After looking online, I found that the identity of $||A\mathbf{x}||^2_2 = 2A^TA\mathbf{x}$. While this is suffice for my proofs, I fail to understand why this is the case. I do know that this will apply to $|| W\beta||^2_2$.

So my question is how to differentiate $\frac{\partial L}{\partial \beta} \sum_{i = 1}^p (y_i - \beta_i)^2$ in a very straightforward and logical way, with fundamentals that I can apply to other $p$-value norms at any time without worrying about identities and such.

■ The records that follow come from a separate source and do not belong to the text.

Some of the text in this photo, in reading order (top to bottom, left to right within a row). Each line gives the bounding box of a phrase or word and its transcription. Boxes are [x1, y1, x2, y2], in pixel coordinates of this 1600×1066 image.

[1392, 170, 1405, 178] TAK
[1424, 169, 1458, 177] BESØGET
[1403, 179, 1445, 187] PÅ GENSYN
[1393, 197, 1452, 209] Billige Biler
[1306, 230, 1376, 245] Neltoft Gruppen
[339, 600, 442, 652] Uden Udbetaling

Many thanks, this has been driving me utterly mad.

Answer 1

The symbol $\frac{\partial L}{\partial \beta}$ will be a vector with entries $\frac{\partial L}{\partial \beta_k}$, in this case for $k=1,\ldots, p$. We can calculate $$\frac{\partial }{\partial \beta_k}\sum_{i=1}^p (y_i-\beta_i)^2 = \frac{\partial}{\partial \beta_k} (y_k-\beta_k)^2 = -2(y_k-\beta_k).$$ This is because $\frac{\partial}{\partial \beta_k}$ means to take the derivative with respect to the variable $\beta_k$ while treating all other $\beta_i$s as constants. And each $y_i$ is truly a constant. So only the $i=k$ term varies with $\beta_k$.

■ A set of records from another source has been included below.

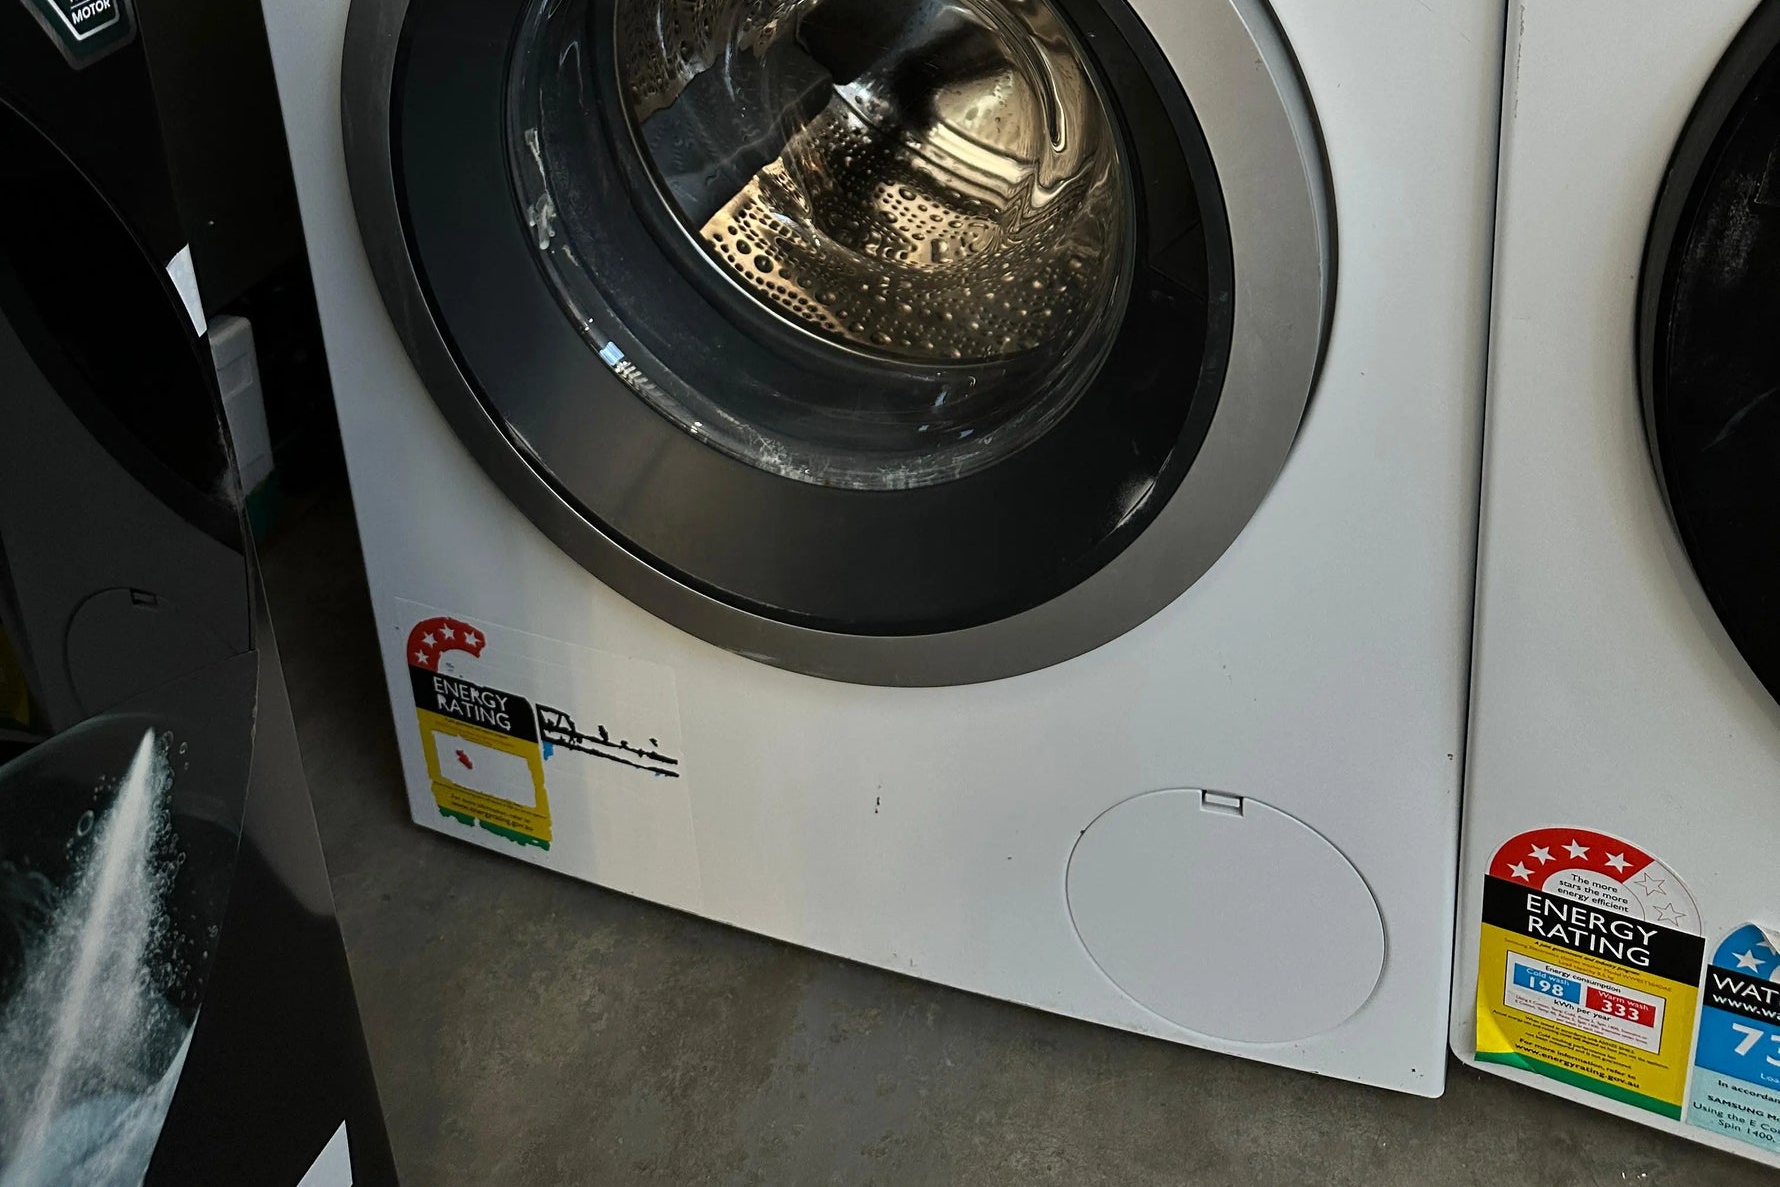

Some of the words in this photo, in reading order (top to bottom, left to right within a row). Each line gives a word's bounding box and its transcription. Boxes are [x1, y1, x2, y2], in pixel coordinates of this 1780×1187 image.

[434, 676, 508, 711] ENERGY
[437, 695, 511, 731] RATING
[1559, 879, 1581, 892] stars
[1584, 885, 1600, 897] the
[1602, 892, 1629, 905] more
[1571, 873, 1590, 885] The
[1592, 881, 1618, 893] more
[1557, 887, 1589, 902] energy
[1592, 896, 1629, 913] efficient
[1526, 893, 1658, 946] ENERGY
[1528, 915, 1650, 967] RATING
[1526, 966, 1546, 978] Cold
[1548, 973, 1569, 986] wash
[1529, 975, 1564, 997] 198
[1545, 964, 1570, 978] Energy
[1572, 973, 1621, 993] consumption
[1554, 998, 1574, 1009] kWh
[1576, 1007, 1589, 1015] per
[1593, 1012, 1610, 1022] year
[1597, 989, 1624, 1003] Warm
[1627, 999, 1649, 1011] wash
[1601, 998, 1639, 1021] 333
[1515, 1044, 1640, 1089] www.energyrating.gov.au
[1519, 1037, 1532, 1045] For
[1534, 1044, 1555, 1053] more
[1606, 1067, 1625, 1076] refer
[1718, 1080, 1728, 1088] In
[1693, 1101, 1723, 1118] Using
[1727, 1113, 1745, 1123] the
[1750, 1119, 1756, 1127] E
[1707, 1095, 1764, 1117] SAMSUNG
[1718, 1119, 1741, 1132] Spin

For $\|W\beta\|_2^2$, we need to first note that if $v$ is a vector with entries $v_i$, $i=1,\ldots, n$, then $\|v\|_2^2=\sum_{i=1}^n v_i^2$. We then note that the $i^{th}$ entry of $W\beta$ is $\sum_{j=1}^p w_{i,j}\beta_j$, so $$\|W\beta\|_2^2=\sum_{i=1}^n \bigl(\sum_{j=1}^p w_{i,j}\beta_j\bigr)^2.$$ Here, $W_{i,j}$ is the row $i$, column $j$ entry of $W$. We need to take $\frac{\partial}{\partial \beta_k}$ of this, which is $$\sum_{i=1}^n 2\bigl(\sum_{j=1}^p w_{i,j}\beta_j\bigr) \cdot \frac{\partial}{\partial \beta_k}\Bigl[\sum_{j=1}^p w_{i,j}\beta_j\Bigr]=\sum_{i=1}^n 2\bigl(\sum_{j=1}^p w_{i,j}\beta_j\bigr) \cdot w_{i,k}.$$ Here we just use power rule (so the exponent of $2$ comes down as a factor) and chain rule (we multiply by the derivative of the function inside the square). Again, to calculate $\frac{\partial}{\partial \beta_k}\sum_{j=1}^p w_{i,j}\beta_j$, we note that only the $j=k$ term survives.

One can check directly by playing with lots of indices that $$\frac{\partial}{\partial \beta_k}\|W\beta\|_2^2= 2\sum_{i=1}^n \sum_{j=1}^p w_{i,p}w_{i,j}\beta_j$$ is the row $k$ entry of $2W^TW\beta$, which is the identity you wrote.

Answer 2

Essentially coming back to the definition of the differential $$\|A(y_0+h)\|^2=\|Ay_0\|^2+2\langle Ay_0,Ah\rangle+\|Ah\|^2$$$$= \|Ay_0\|^2+2\langle A^TAy_0,h\rangle +o(h)$$ Thus the differential of $y\mapsto \|Ay\|^2$ calculated at the point $y_0$is the linear form $h\mapsto 2\langle A^TAy_0,h\rangle$ or, equivalently, the gradient of $y\mapsto \|Ay\|^2$ calculated at the point $y_0$ is $2A^TAy_0.$

Answer 3

The Frobenius $(:)$ product is extremely useful in Matrix Calculus and has these properties $$\eqalign{ \def\b{\beta} \def\p{\partial} \def\LR#1{\left(#1\right)} A:B &= \sum_{i=1}^m\sum_{i=1}^n A_{ij}B_{ij} \;=\; \operatorname{Trace}\LR{A^TB} \\ B:B &= \|B\|_F^2 \\ A:B &= B:A \;=\; B^T:A^T \\ }$$ Calculating the differential of the Frobenius norm is easy using this product $$\eqalign{ d\,\|B\|_F^2 &= d\LR{B:B} \\&= B:dB + dB:B \\&= 2B:dB \\ }$$ Use this result to calculate the differential of the $L$ function and recover its gradient $$\eqalign{ L &= \LR{\b-y}:\LR{\b-y} \;+\; \LR{W\b}:\LR{W\b} \\ dL &= 2\LR{\b-y}:{d\b} \;+\; 2\LR{W\b}:\LR{W\,d\b} \\ &= 2\LR{\b-y}:{d\b} \;+\; 2\LR{W^TW\b}:d\b \\ \frac{\p L}{\p\b} &= 2\b-2y \;+\; 2W^TW\b \\ }$$